With regard to fairness aware machine learning, we explored a problem that involves fairness constraints under changing environments. Specifically, in an online learning setting, data arrives sequentially. Here, the data distribution can change over time, but the learner is still constrained by fairness requirements. In transport, changing environments are a very common scenario. For example, autonomous vehicles drive under various changing environments such as in terms of time of day (sunrise, noon, sunset, night time), or weather patterns (such as rain, cloud cover, sunny conditions). An autonomous vehicle performs various functions which are driven by machine learning, such as pedestrian detection. These functions may be subject to various fairness constraints; for instance, pedestrian detection (whether or not the object being seen is a pedestrian) must be fair with respect to the race or gender of the individuals being detected. Furthermore, this detection task may need to be performed under the various changing environments that we just discussed, i.e., an autonomous vehicle will need to detect pedestrians under various weather conditions and time-of-day scenarios. As such, this provides a very suitable use case for the need for fair online learning under changing environments. To this end, we have proposed a novel algorithm under the assumption that data collected at each time can be disentangled with two representations, an environment-invariant semantic factor and an environment-specific variation factor. The semantic factor is further used for fair prediction under a group fairness constraint.

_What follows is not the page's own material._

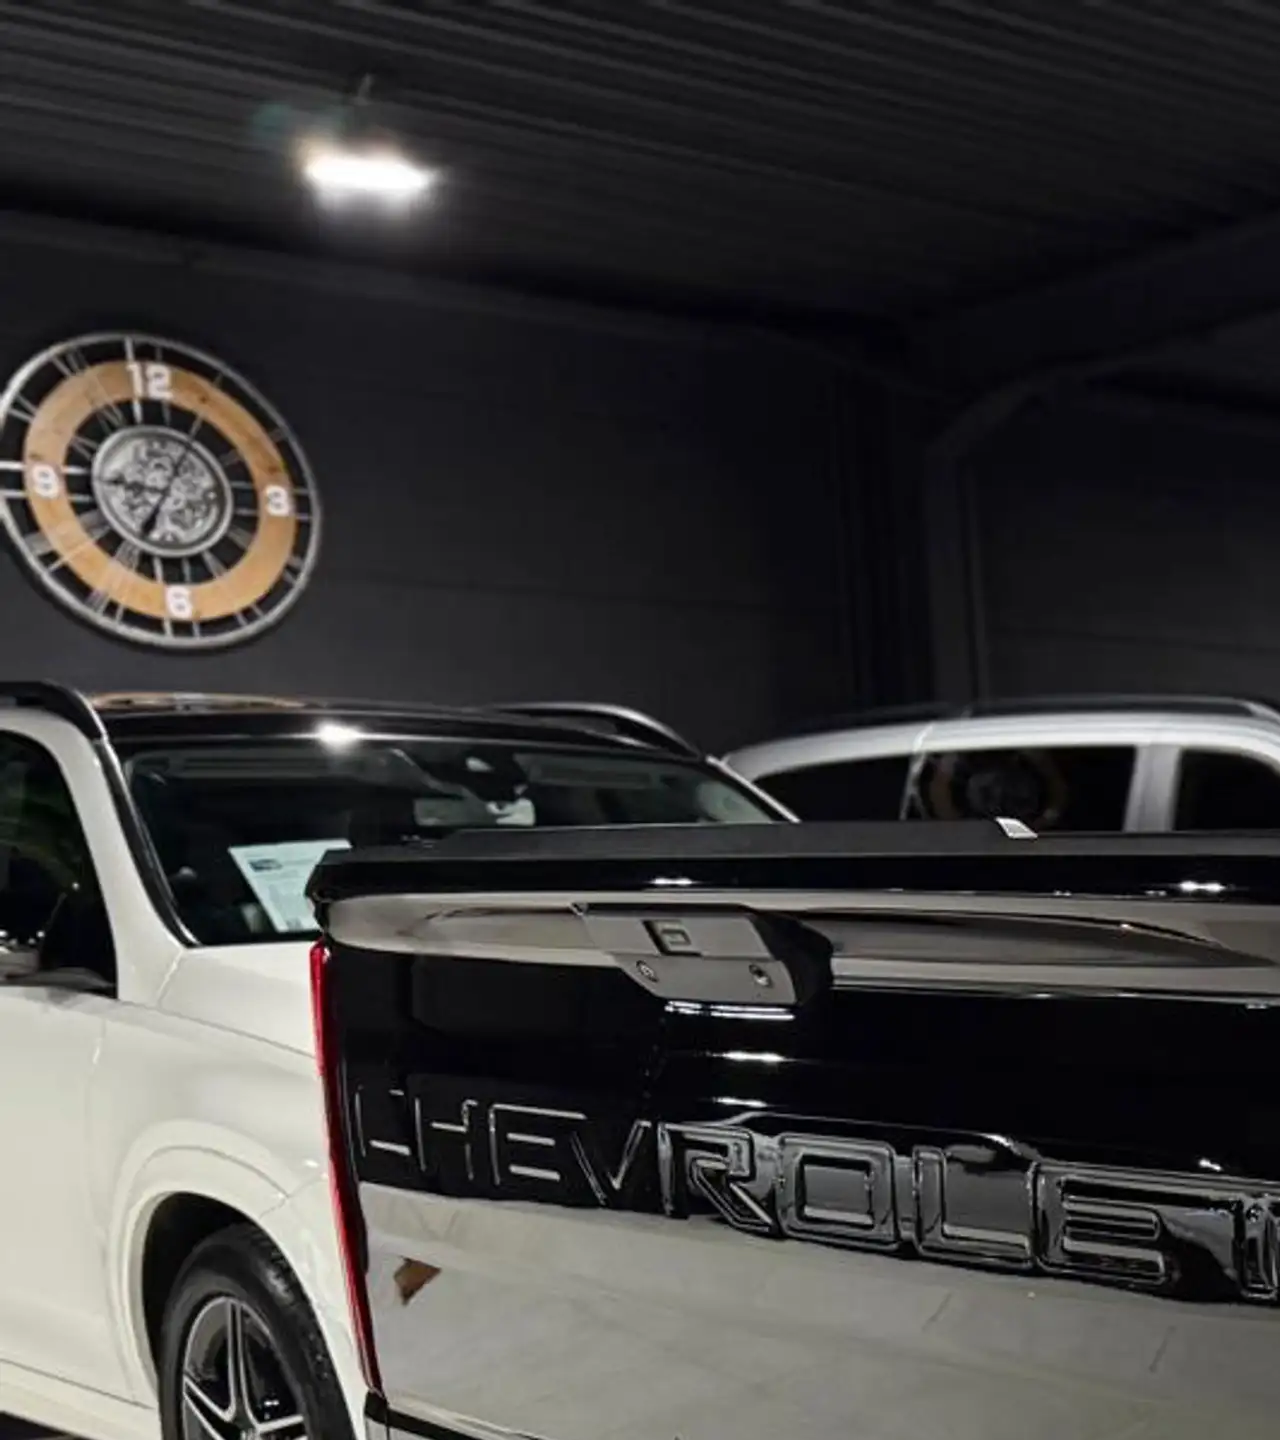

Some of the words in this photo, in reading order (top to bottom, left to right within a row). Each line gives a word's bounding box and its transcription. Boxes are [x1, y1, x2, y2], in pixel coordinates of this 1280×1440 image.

[127, 363, 174, 399] 12
[264, 484, 291, 517] 3
[164, 584, 194, 618] 6

With regard to generative AI, we will monitor conflicts and political violence around the world by analyzing volumes of continuous or stream specialized text on a global scale. To help advance research in political science, we introduce ConfliBERT, a domain-specific pre-trained large language model (LLM, part of generative AI) for conflict and political violence. We first gather a large domain-specific text corpus for large language modeling from various sources. We then build ConfliBERT using two approaches: pre-training from scratch and continual pre-training to facilitate lifelong learning. For incremental/continual learning, deep learning models should be able to learn new information while retaining previously learned skills or knowledge, but catastrophic forgetting does happen and we will address that in this talk.

*This work is funded by NSF, DOT, NIH, ONR, ARMY, and NSA. The work, ConflictBERT is in collaboration with Dr. Patrick Brandt, and Dr. Jennifer Holmes, (School of Economic, Political and Policy Sciences, UT Dallas) and the fairness aware ML work is with Dr. Feng Chen (Computer Science).

Choong Seon Hong, Kyung Hee University, South Korea

Title: Faster Segment Anything: Towards Lightweight SAM for Mobile Applications

Abstract: Segment Anything Model (SAM) has attracted significant attention due to its impressive zero-shot transfer performance and high versatility for numerous vision applications (like image editing with fine-grained control). Many of such applications need to be run on resource-constraint edge devices, like mobile phones. In this work, we aim to make SAM mobile-friendly by replacing the heavyweight image encoder with a lightweight one. A naive way to train such a new SAM as in the original SAM paper leads to unsatisfactory performance, especially when limited training sources are available. We find that this is mainly caused by the coupled optimization of the image encoder and mask decoder, motivated by which we propose decoupled distillation. Concretely, we distill the knowledge from the heavy image encoder (ViT-H in the original SAM) to a lightweight image encoder, which can be automatically compatible with the mask decoder in the original SAM. The training can be completed on a single GPU within less than one day, and the resulting lightweight SAM is termed MobileSAM which is more than 60 times smaller yet performs on par with the original SAM. For inference speed, With a single GPU, MobileSAM runs around 10ms per image: 8ms on the image encoder and 4ms on the mask decoder. With superior performance, our MobileSAM is around 5 times faster than the concurrent FastSAM and 7 times smaller, making it more suitable for mobile applications. Moreover, we show that MobileSAM can run relatively smoothly on CPU. The code for our project is provided here with a demo showing that MobileSAM can run relatively smoothly on CPU.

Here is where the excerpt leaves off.